L'appel cthulhu talent norm konyu chez black river
 Croyez-moi, écrire une critique conventionnelle sur cet album relève de l’exploit. Pourquoi ? Parce qu’il ne s’agit pas d’une histoire traditionnelle. Non, ici, nous sommes face à un ouvrage qui met avant tout en lumière le talent artistique de Norm Konyu. Et quel talent ! Ses illustrations, souvent pleine page, sont d’une beauté renversante, dignes d’être encadrées et accrochées dans un musée. Au fil des pages, on découvre une série d’allusions aux œuvres d’H.P. Lovecraft : des romans célèbres, des scènes cultes, tout cela mis en images avec un sens de la composition qui force le respect. Et c’est… tout simplement magnifique. Mais ce n’est pas qu’un régal pour les yeux. Un petit texte accompagne ces illustrations. Une prose humoristique qui repose sur un appel téléphonique des plus absurdes. Oui, au beau milieu de la nuit, quelqu’un ose réveiller Cthulhu, la créature maléfique, pour lui expliquer pourquoi il la déteste. Avec détails, exemples et toute la rancune du monde.
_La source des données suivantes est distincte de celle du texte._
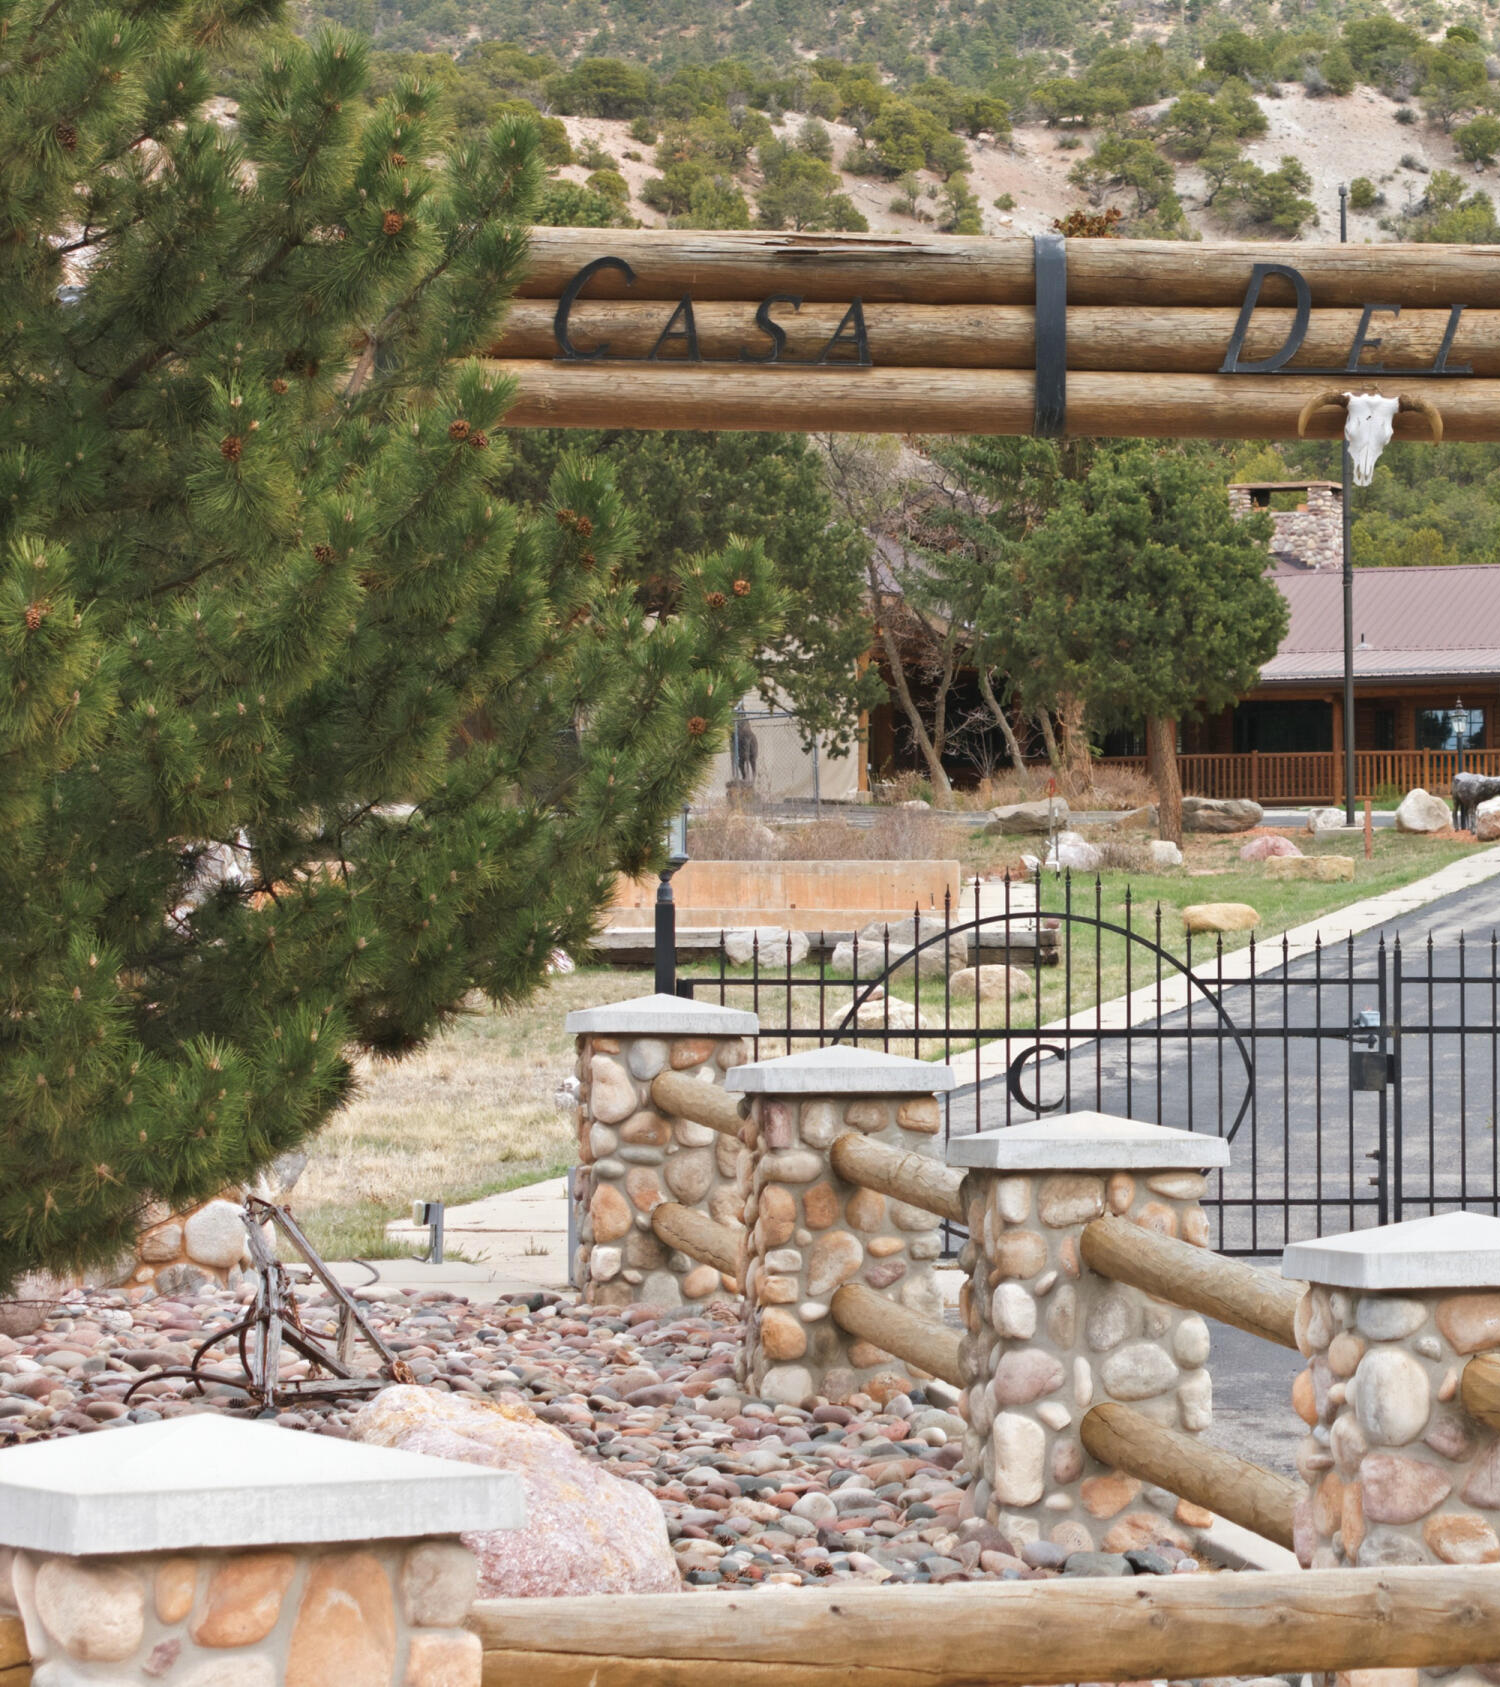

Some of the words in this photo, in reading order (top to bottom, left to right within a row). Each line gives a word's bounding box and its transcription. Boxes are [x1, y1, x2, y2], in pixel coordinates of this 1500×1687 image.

[554, 256, 872, 365] CASA
[1218, 263, 1473, 374] DEL
[1007, 1043, 1065, 1113] C
Imaginez Cthulhu décrochant son téléphone pour écouter ça ! Rien que l’image est déroutante. Et, ne vous inquiétez pas pour la logistique – comment Cthulhu entend la conversation ou répond au combiné – l’artiste s’en occupe, et ça marche comme sur des roulettes. L’idée est brillante : dresser à la fois un portrait satirique de ce monstre terrifiant et une critique, indirecte mais appuyée, de l’œuvre et de son créateur, H.P. Lovecraft. Et là, difficile d’éviter un détour par les zones d’ombre de l’auteur, qui, disons-le franchement, ne manquent pas. Parler de Lovecraft sans évoquer son penchant pour certaines idées, assez… nauséabondes ? Dans le contexte actuel, où des figures bien moins problématiques ont été clouées au pilori pour beaucoup moins, il est presque miraculeux que Lovecraft conserve une place sur l’autel des icônes littéraires.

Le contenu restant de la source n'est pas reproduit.